= Beginning of Section =
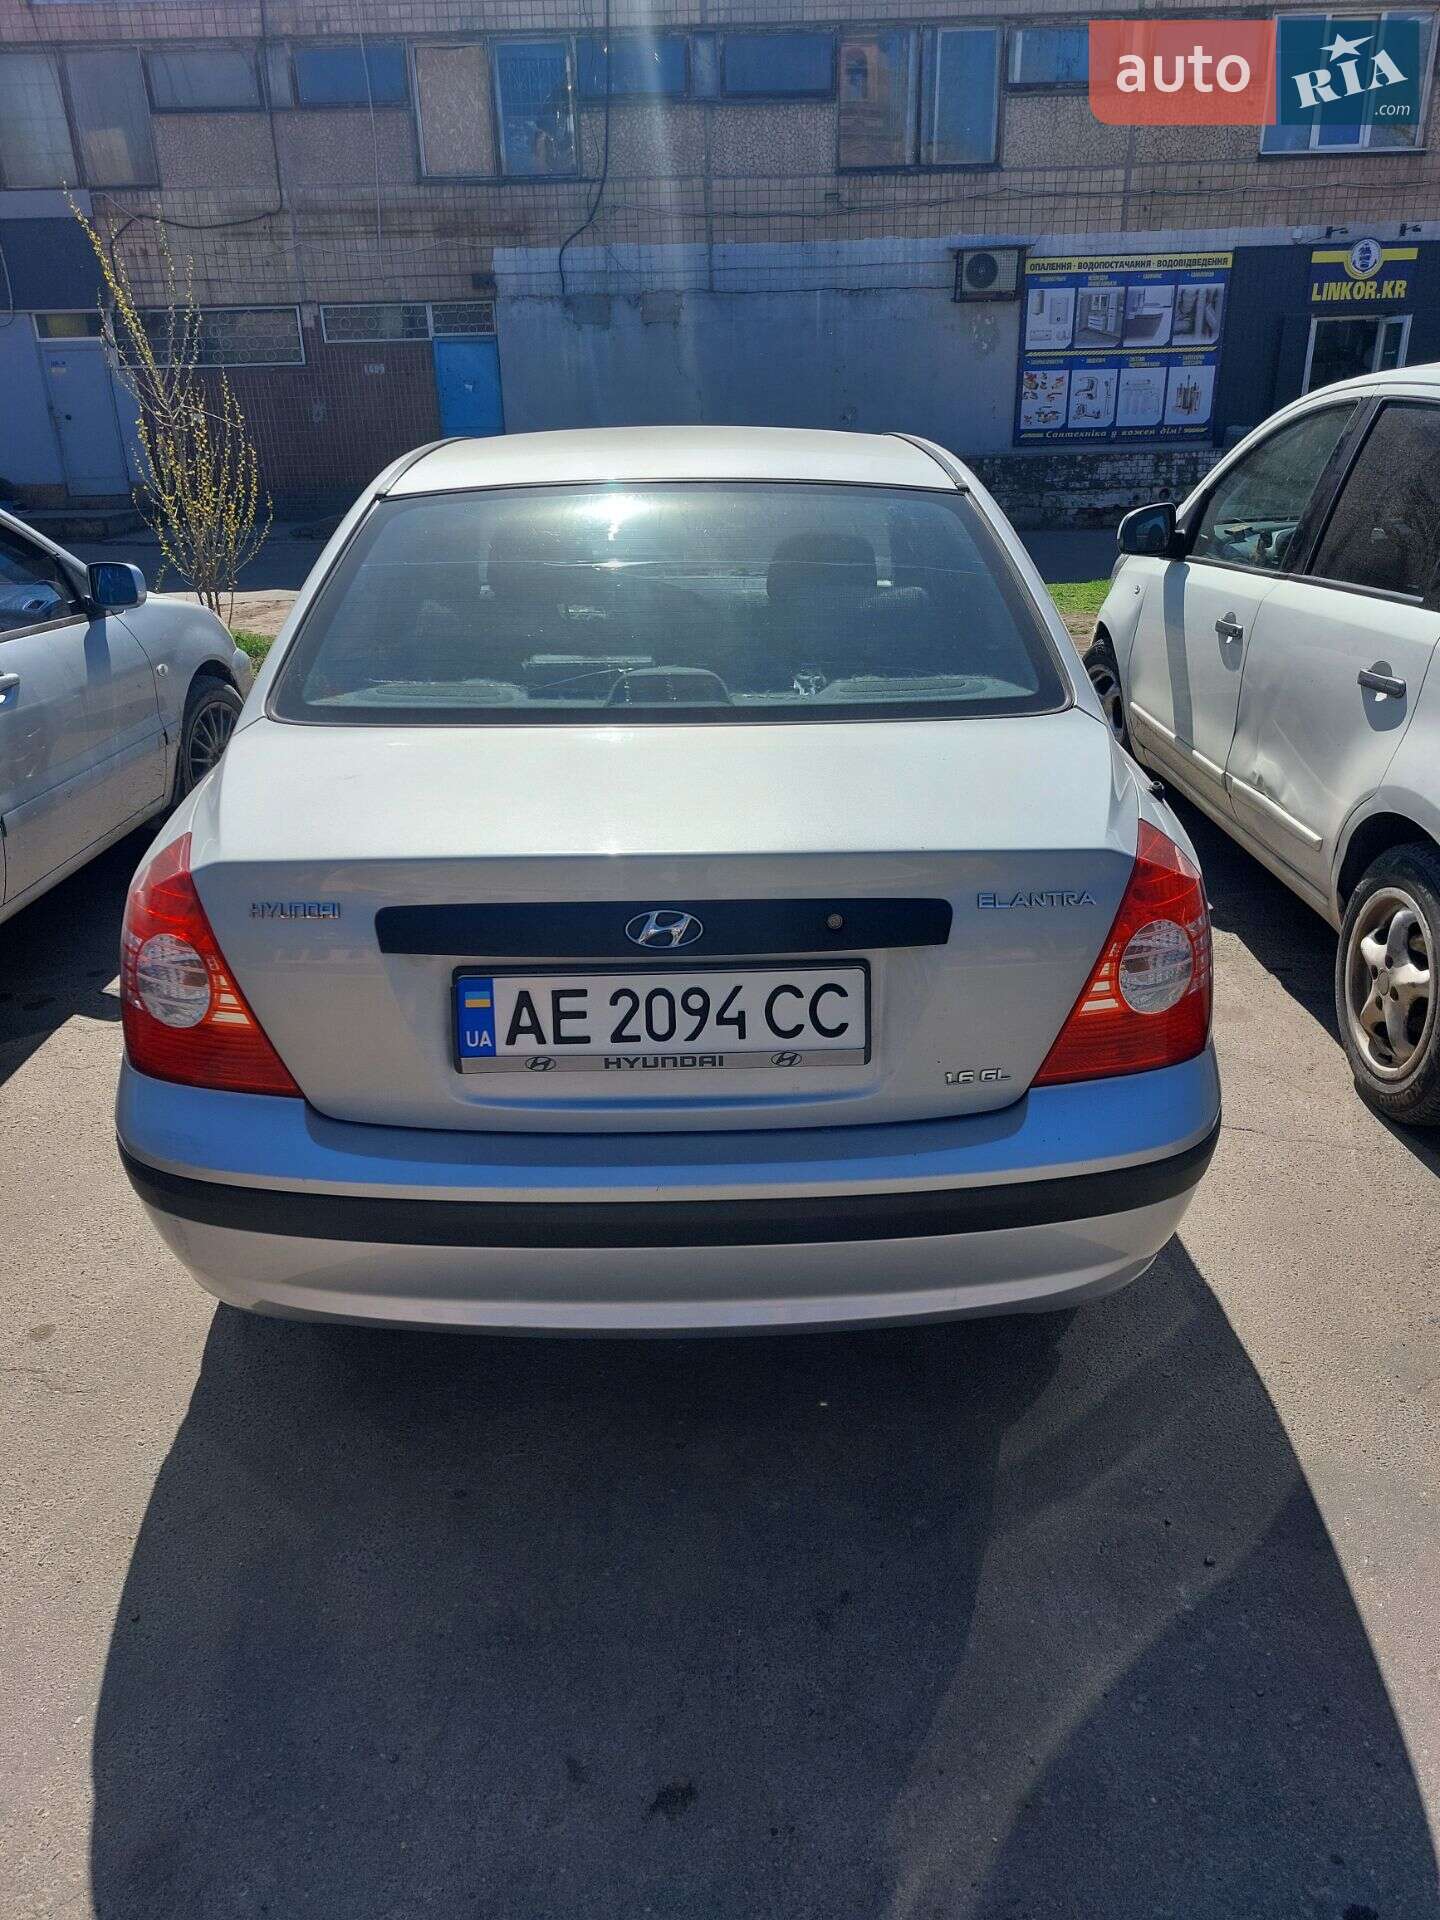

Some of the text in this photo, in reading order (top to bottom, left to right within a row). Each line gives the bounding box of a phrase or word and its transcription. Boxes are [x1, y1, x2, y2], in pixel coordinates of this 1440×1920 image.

[1029, 257, 1229, 272] ОПАЛЕННЯ ВОДОПОСТАЧАННЯ ВОДОВІДВЕДЕННЯ
[1311, 280, 1407, 301] LINKOR.KR
[977, 890, 1096, 909] ELANTRA
[249, 902, 342, 919] HYUNDAI
[505, 982, 849, 1046] AE 2094 CC
[466, 1031, 493, 1048] UA
[604, 1055, 725, 1070] HYUNDAI
[980, 1067, 1012, 1082] GL
= End of Section =
**Exercise prompt**:
Could you give the material above again, exactly and without its pictures?

**The answer**:
Some of the text in this photo, in reading order (top to bottom, left to right within a row). Each line gives the bounding box of a phrase or word and its transcription. Boxes are [x1, y1, x2, y2], in pixel coordinates of this 1440×1920 image.

[1029, 257, 1229, 272] ОПАЛЕННЯ ВОДОПОСТАЧАННЯ ВОДОВІДВЕДЕННЯ
[1311, 280, 1407, 301] LINKOR.KR
[977, 890, 1096, 909] ELANTRA
[249, 902, 342, 919] HYUNDAI
[505, 982, 849, 1046] AE 2094 CC
[466, 1031, 493, 1048] UA
[604, 1055, 725, 1070] HYUNDAI
[980, 1067, 1012, 1082] GL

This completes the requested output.